The brake temps look great. In practice, you'd have one on each corner and then adjust the cooling to make sure the pre-application temperature difference across the axle is minimized (to avoid pulling). Front to rear temperature you'll likely want to favor the front by ~30*F.

Iron brakes really aren't that sensitive to temps; Mu is very consistent through the range for any pad we want to be driving. Because of this, we really just need to know if we're abusing the discs with excessively high temperatures. This is where the paint comes in. Green/Orange/Red on the disc. You want to be able to light off the orange during a run. If you're getting into the red, it's too high and disc life will suffer. If that's where you have to run, just have a good disc budget. If you're only into the green, then you're not running enough blanking, which gives away downforce and usually a little initial brake performance.

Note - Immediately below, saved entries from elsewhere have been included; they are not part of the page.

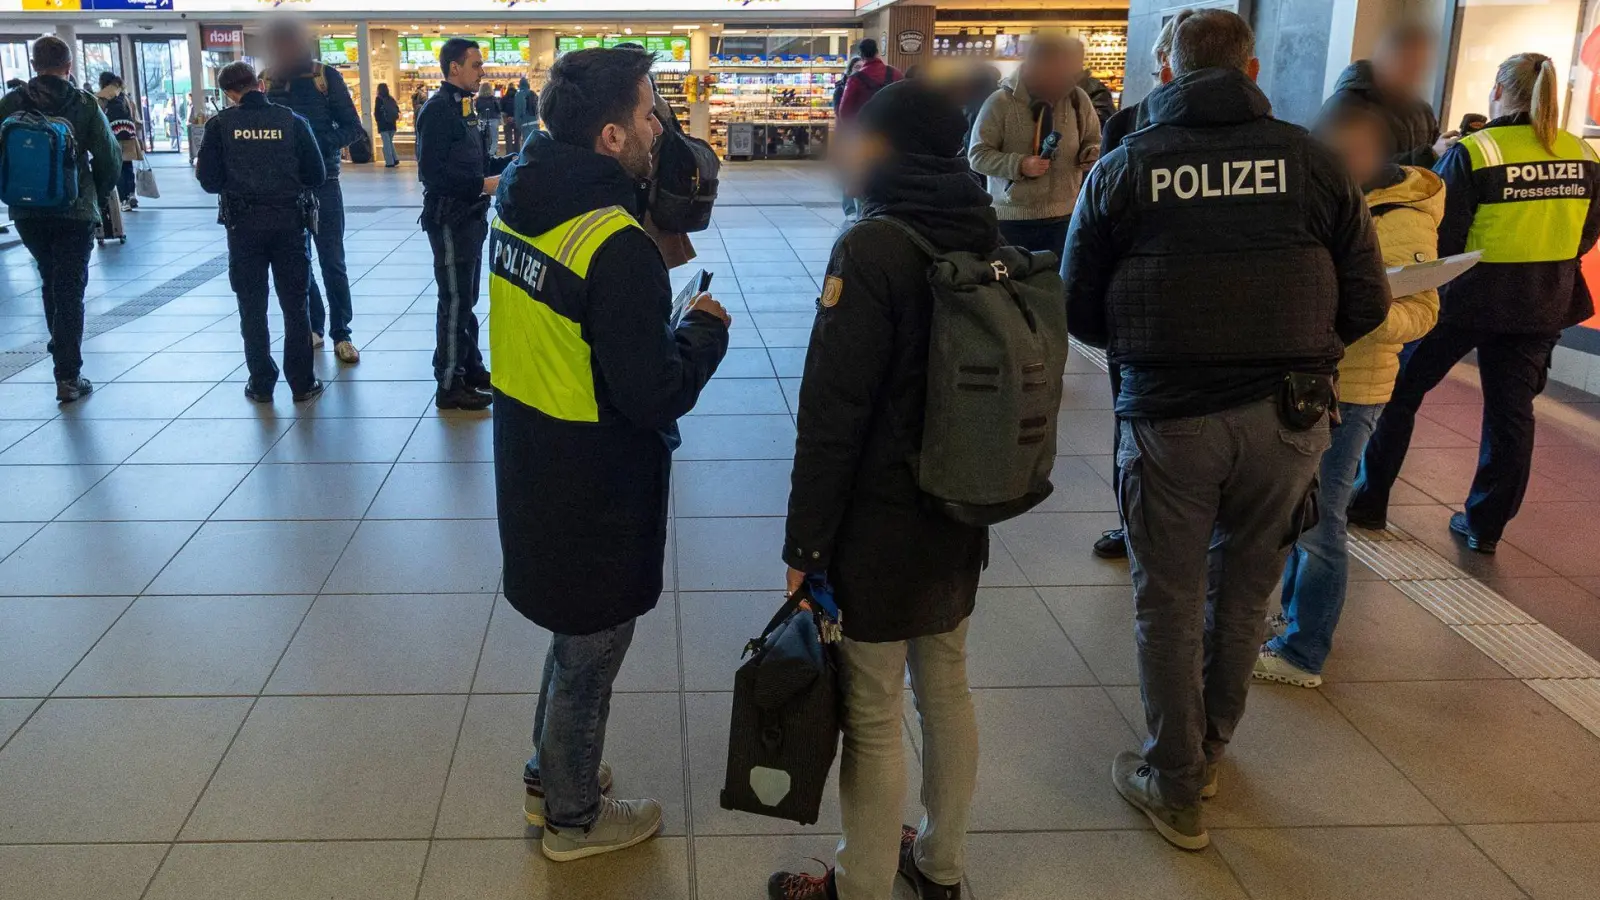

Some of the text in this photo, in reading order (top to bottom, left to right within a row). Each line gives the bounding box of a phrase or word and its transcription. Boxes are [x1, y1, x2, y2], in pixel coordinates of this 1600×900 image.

[234, 129, 282, 139] POLIZEI
[1151, 159, 1287, 202] POLIZEI
[1506, 163, 1584, 183] POLIZEI
[1503, 184, 1586, 200] Pressestelle
[494, 240, 547, 292] POLIZEI

You have to be careful at places like Road America. It has big brake zones, so the peak temp on paint might show very hot, but, especially in low HP cars, the straights are long enough that the brakes can get quite cool in between. This can cause very serious disc cracking due to the big temperature swings more than the actual high temperatures. This is where sensors like you've made come in. Running the discs what appears to be artificially hot on paint can increase life and performance at times by reducing the thermal stresses due to temperature swings. We can often change pre-application temperature by quite a bit without massively influencing the peak.

Great project and very well done! You should probably look into getting an AiM data system or something, because there's all sorts of fun rabbit holes you can run down. Obviously, you can do it all as you are, but having an actual data system with a GUI is nice. You can export the data and play with it if you start to feel MatLabby.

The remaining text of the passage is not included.